*** Opening of DATA UNDER STUDY ***
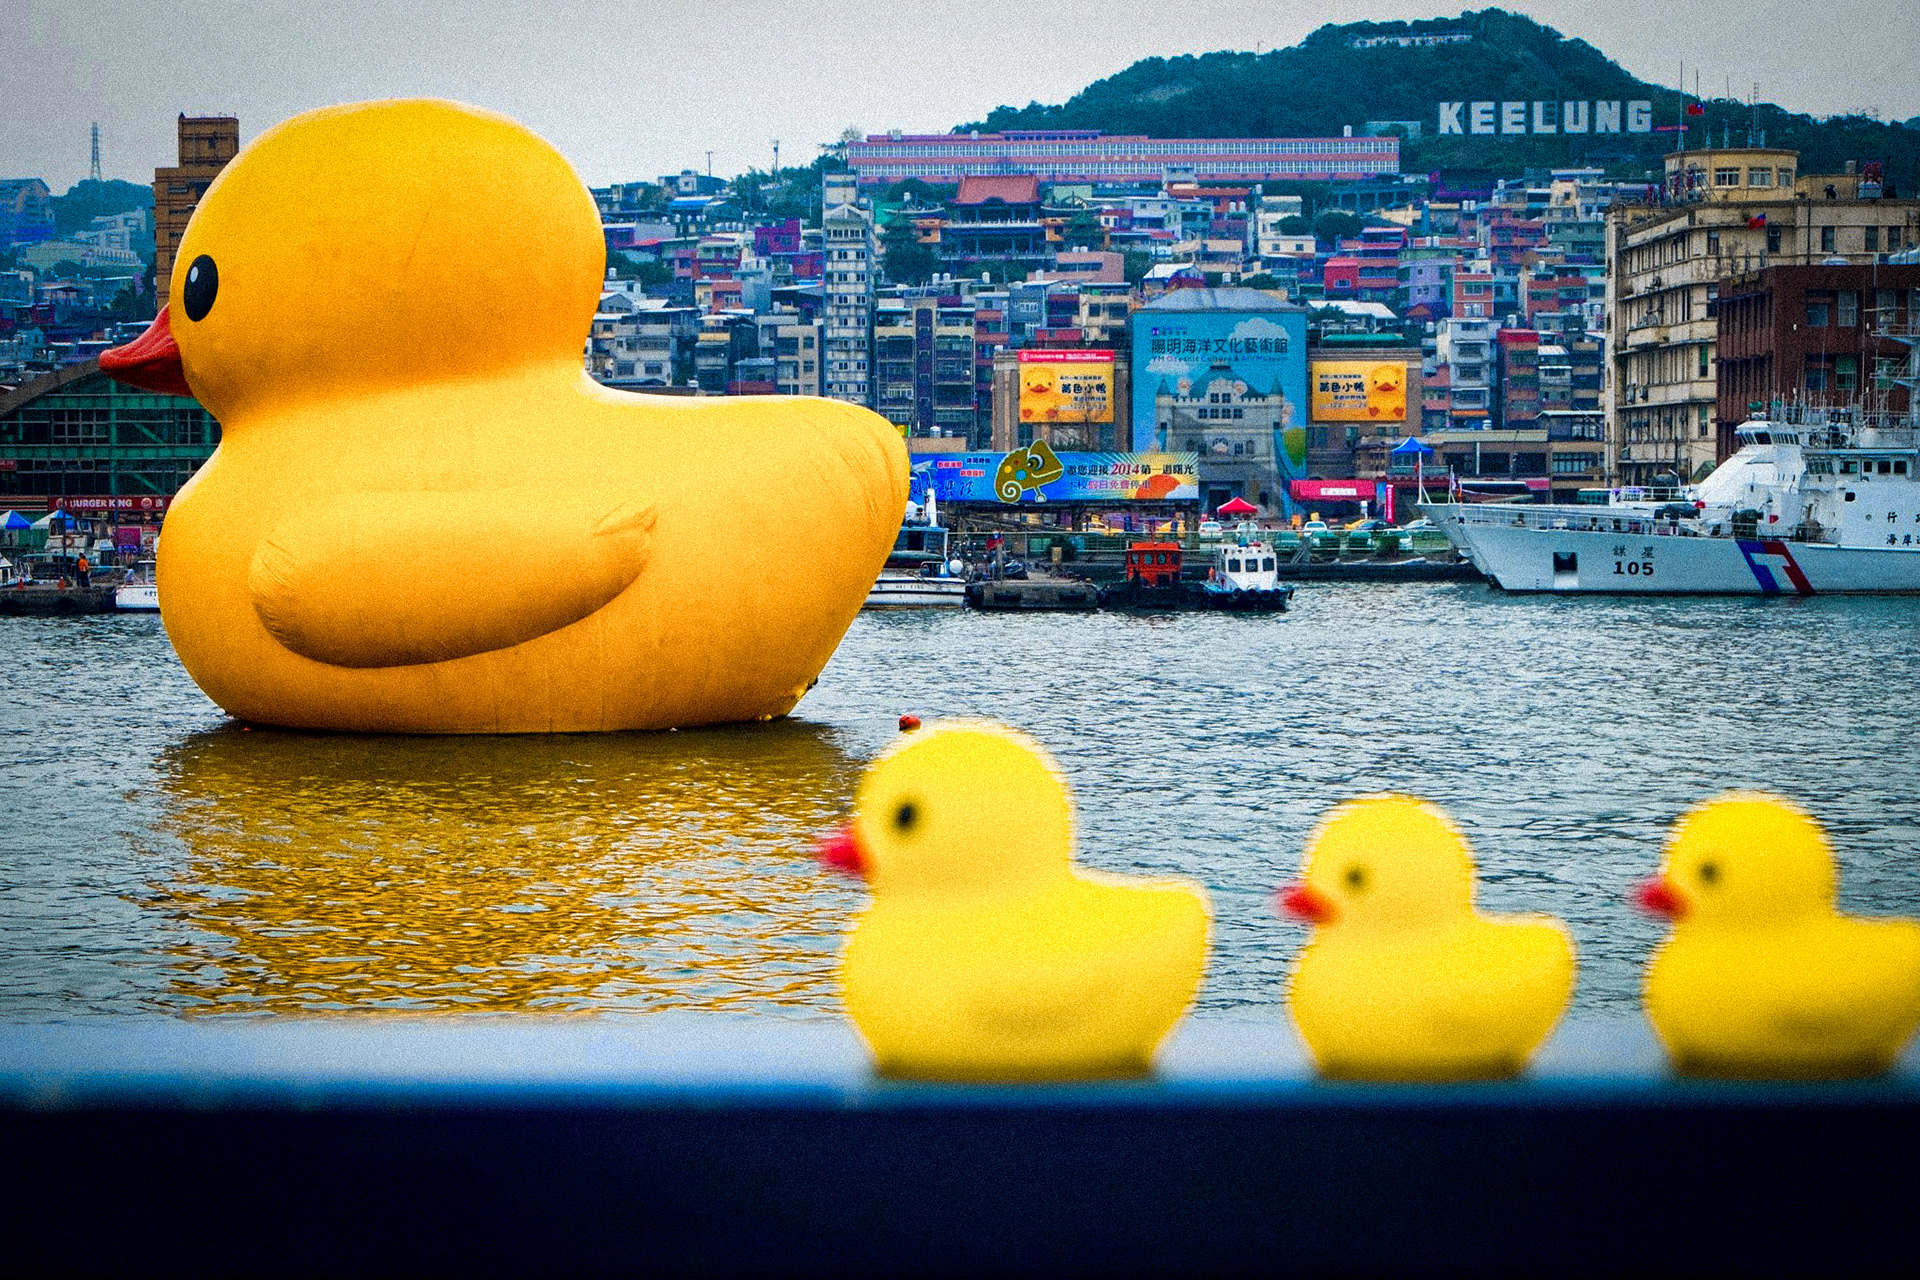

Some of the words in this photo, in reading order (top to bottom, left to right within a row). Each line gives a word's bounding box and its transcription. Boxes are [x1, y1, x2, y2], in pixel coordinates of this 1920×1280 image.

[1439, 100, 1652, 134] KEELUNG
[1151, 337, 1288, 354] 陽明海洋文化藝術館
[108, 498, 132, 507] KNG
[1612, 561, 1655, 576] 105
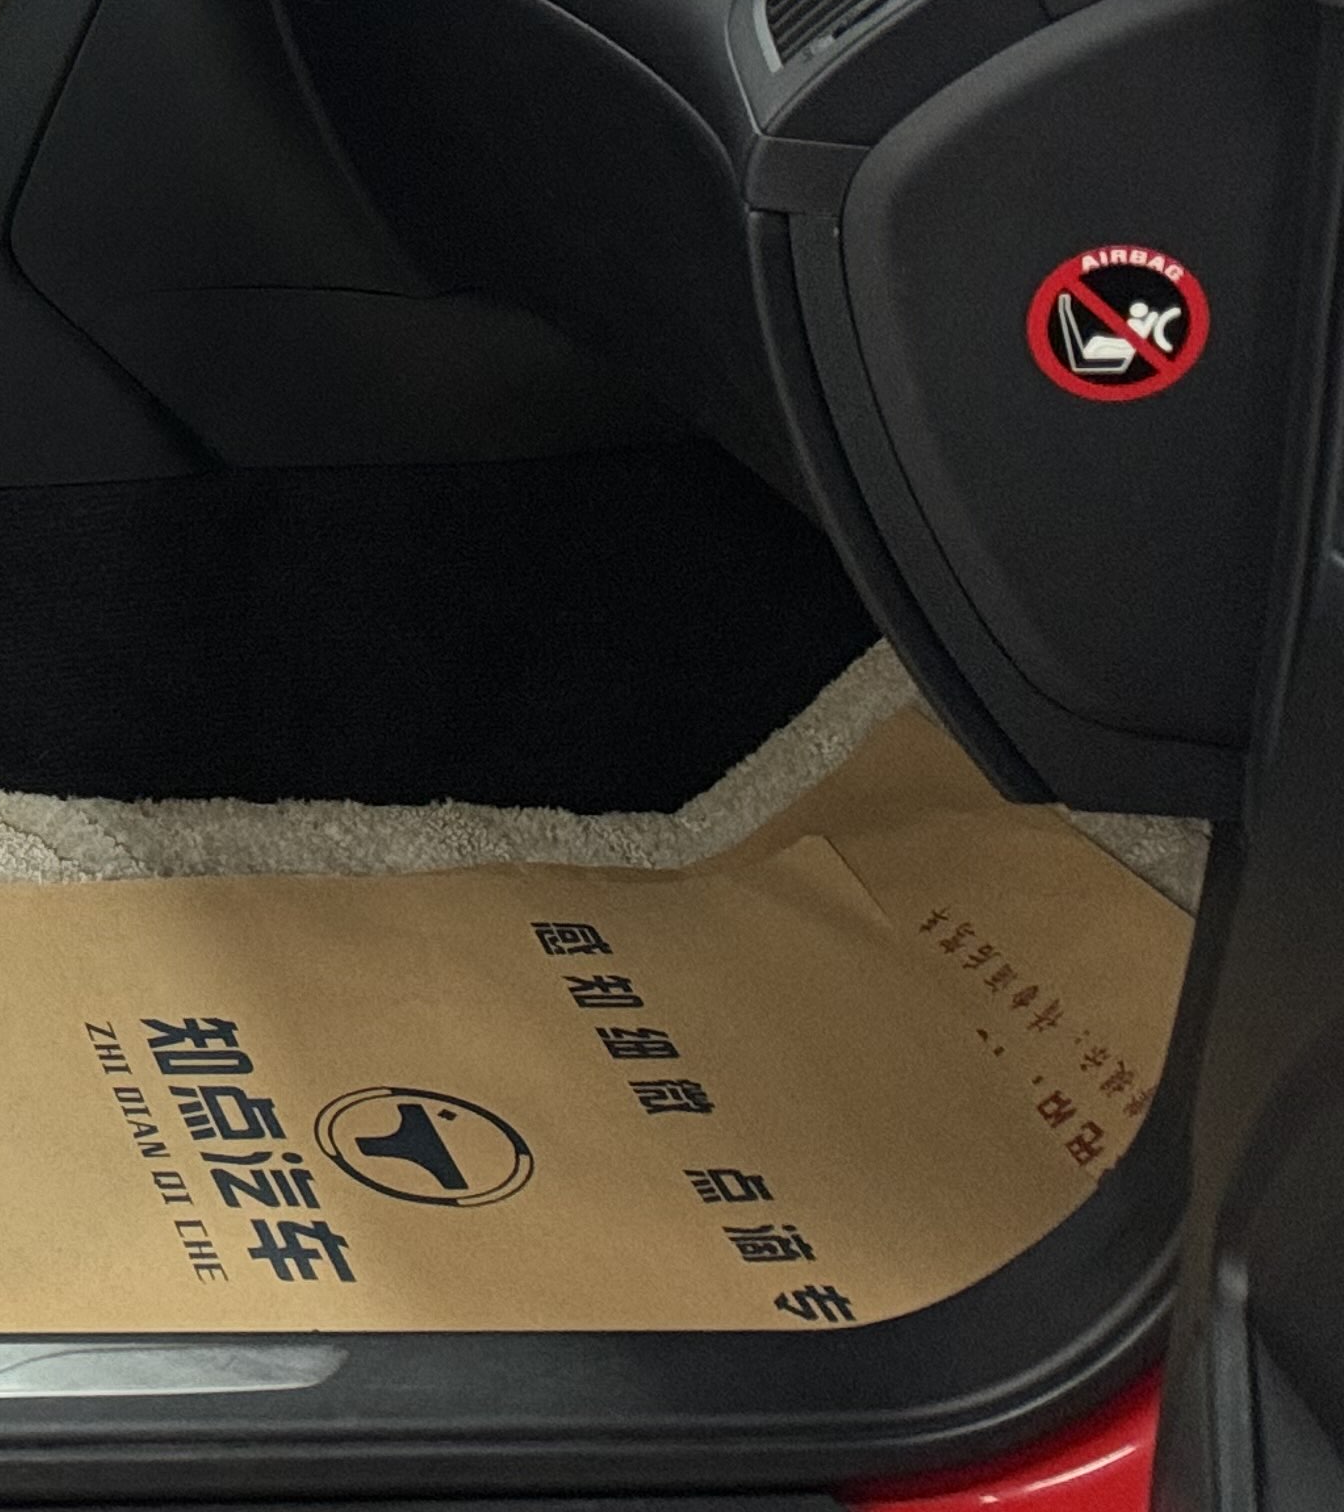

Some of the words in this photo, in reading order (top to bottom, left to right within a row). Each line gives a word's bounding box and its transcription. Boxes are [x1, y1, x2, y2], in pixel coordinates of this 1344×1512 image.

[1080, 248, 1186, 282] AIRBAG
[84, 1019, 134, 1077] ZHI
[113, 1085, 172, 1161] DIAN
[149, 1171, 193, 1205] QI
[174, 1218, 229, 1284] CHE
[139, 1017, 358, 1285] 知点汽车
[528, 920, 715, 1116] 感知细微
[683, 1167, 859, 1324] 点滴专
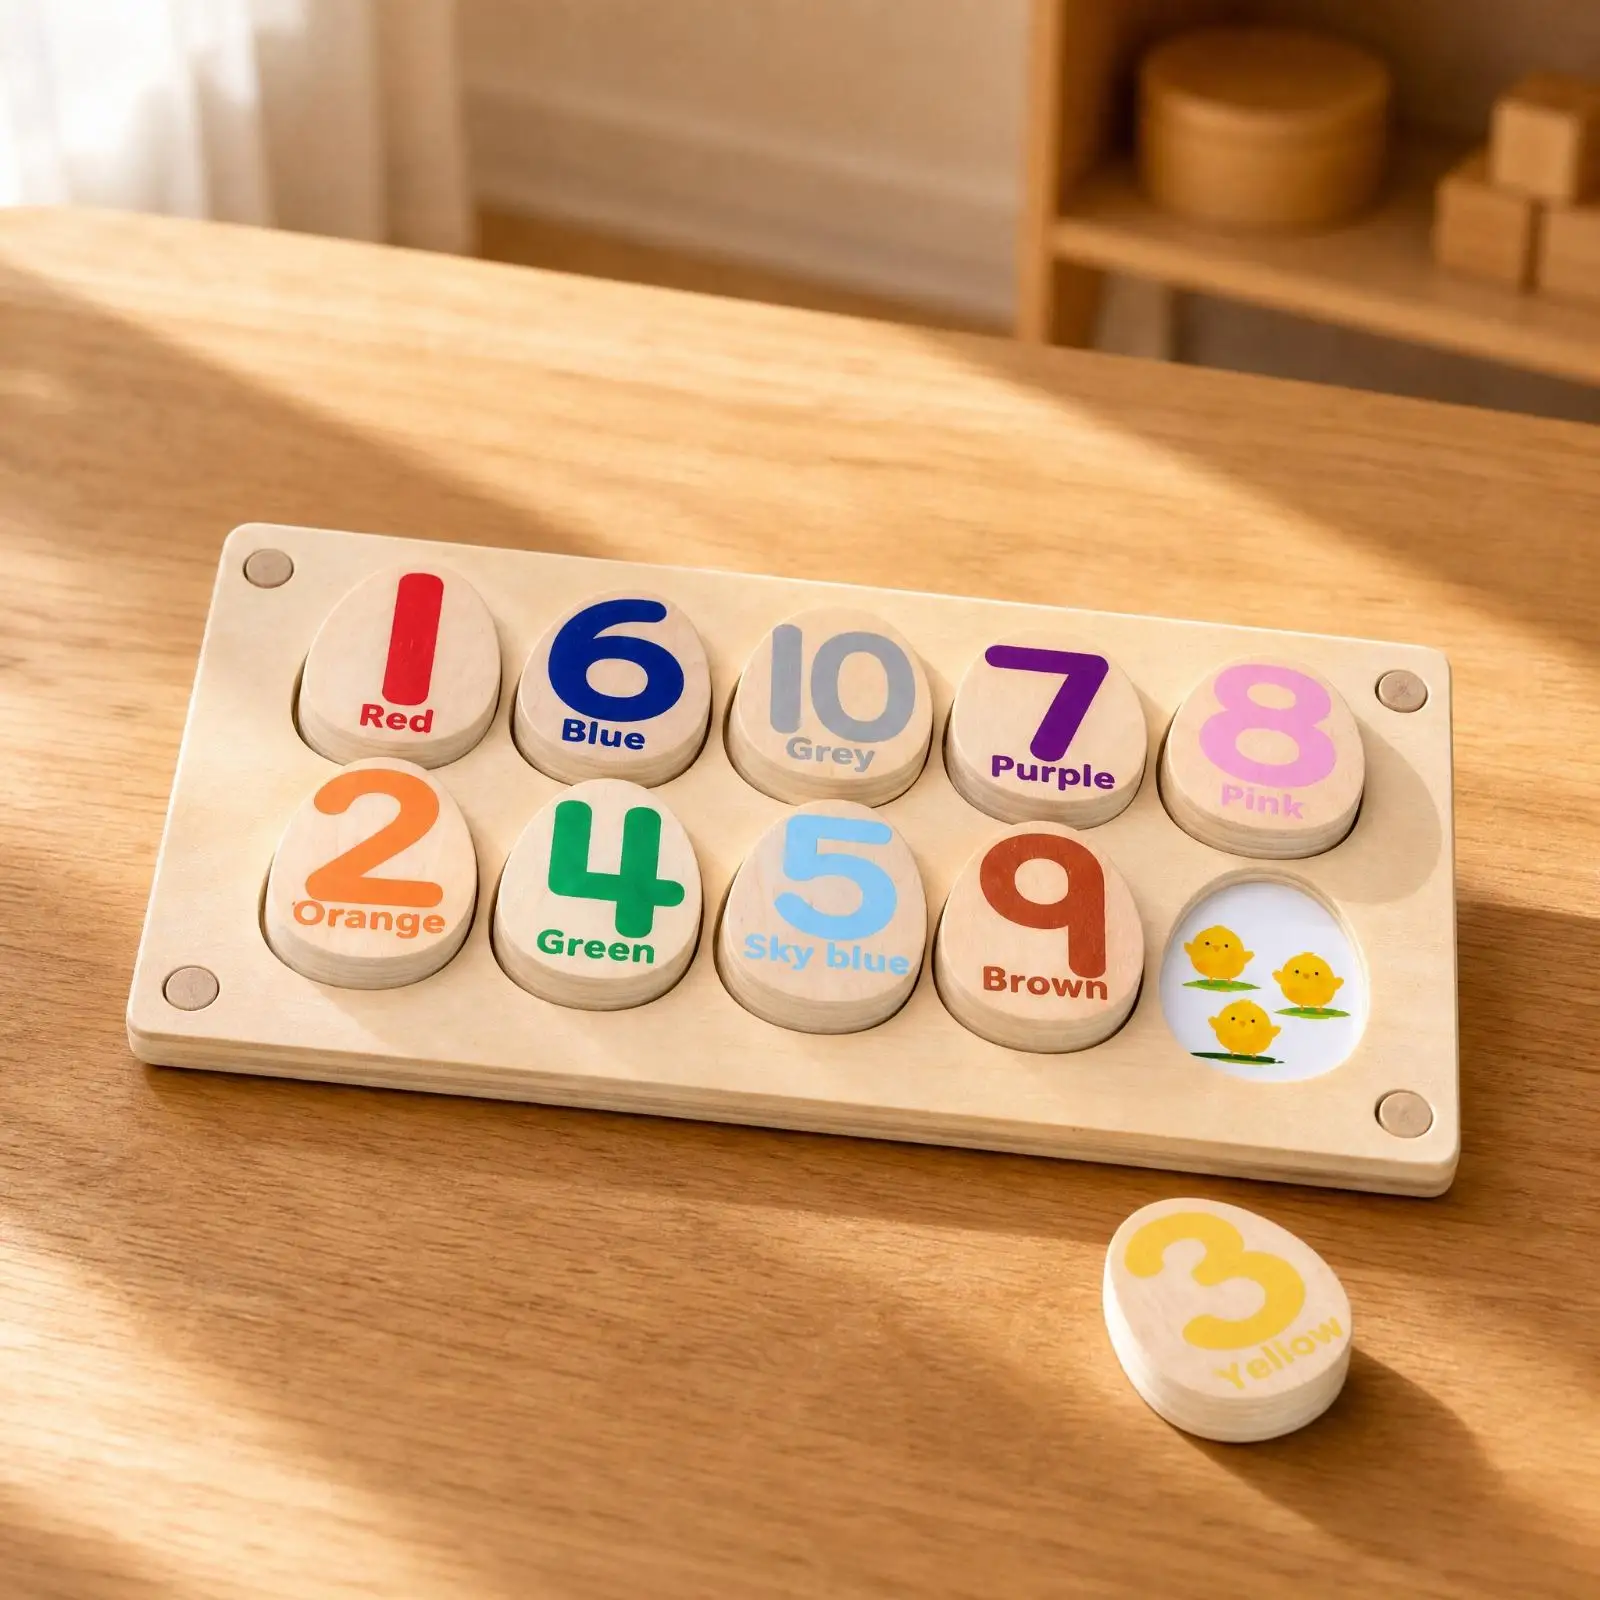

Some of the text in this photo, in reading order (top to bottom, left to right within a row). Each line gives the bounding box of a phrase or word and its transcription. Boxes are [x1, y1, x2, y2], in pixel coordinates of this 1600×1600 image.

[382, 572, 444, 706] 1
[548, 598, 685, 723] 6
[769, 623, 916, 743] 10
[359, 703, 434, 734] Red
[561, 718, 647, 750] Blue
[984, 644, 1109, 762] 7
[1199, 663, 1337, 789] 8
[785, 736, 875, 773] Grey
[991, 754, 1116, 791] Purple
[1220, 782, 1305, 820] Pink
[305, 768, 443, 908] 2
[548, 799, 685, 938] 4
[774, 814, 897, 941] 5
[291, 899, 446, 939] Orange
[536, 928, 655, 964] Green
[979, 832, 1107, 978] 9
[743, 932, 911, 976] Sky blue
[982, 965, 1109, 1001] Brown
[1124, 1211, 1306, 1351] 3
[1211, 1316, 1343, 1390] Yellow
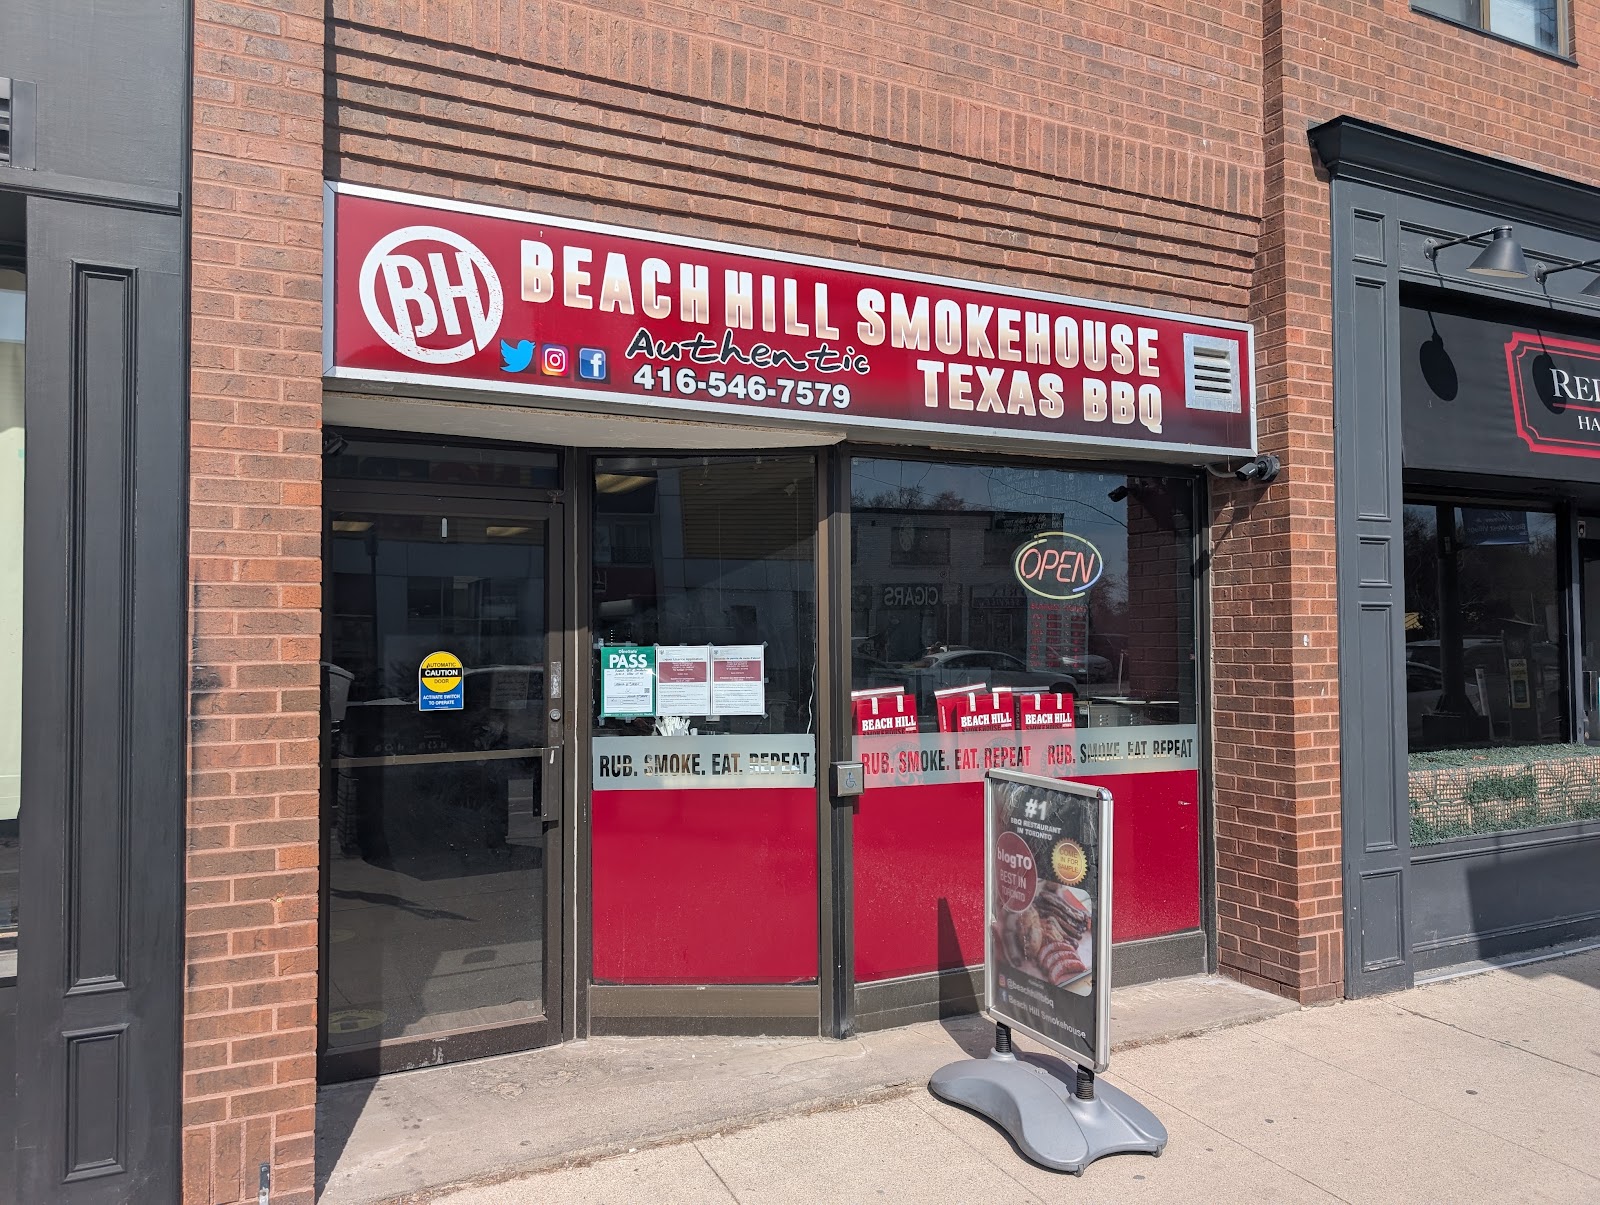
*** Close of DATA UNDER STUDY ***
Retype the whole of the data verbatim. Skip every picture.

Some of the words in this photo, in reading order (top to bottom, left to right within a row). Each line gives a word's bounding box and its transcription. Boxes are [x1, y1, x2, y2], in pixel coordinates of this 1920×1280 image.

[1439, 100, 1652, 134] KEELUNG
[1151, 337, 1288, 354] 陽明海洋文化藝術館
[108, 498, 132, 507] KNG
[1612, 561, 1655, 576] 105

Some of the words in this photo, in reading order (top to bottom, left to right within a row). Each line gives a word's bounding box and its transcription. Boxes are [x1, y1, x2, y2], in pixel coordinates of this 1344×1512 image.

[1080, 248, 1186, 282] AIRBAG
[84, 1019, 134, 1077] ZHI
[113, 1085, 172, 1161] DIAN
[149, 1171, 193, 1205] QI
[174, 1218, 229, 1284] CHE
[139, 1017, 358, 1285] 知点汽车
[528, 920, 715, 1116] 感知细微
[683, 1167, 859, 1324] 点滴专

Some of the text in this photo, in reading order (top to bottom, left to right within a row). Each line gives the bounding box of a phrase or word and its transcription. Boxes are [x1, y1, x2, y2], in pixel coordinates of this 1600×1600 image.

[382, 572, 444, 706] 1
[548, 598, 685, 723] 6
[769, 623, 916, 743] 10
[359, 703, 434, 734] Red
[561, 718, 647, 750] Blue
[984, 644, 1109, 762] 7
[1199, 663, 1337, 789] 8
[785, 736, 875, 773] Grey
[991, 754, 1116, 791] Purple
[1220, 782, 1305, 820] Pink
[305, 768, 443, 908] 2
[548, 799, 685, 938] 4
[774, 814, 897, 941] 5
[291, 899, 446, 939] Orange
[536, 928, 655, 964] Green
[979, 832, 1107, 978] 9
[743, 932, 911, 976] Sky blue
[982, 965, 1109, 1001] Brown
[1124, 1211, 1306, 1351] 3
[1211, 1316, 1343, 1390] Yellow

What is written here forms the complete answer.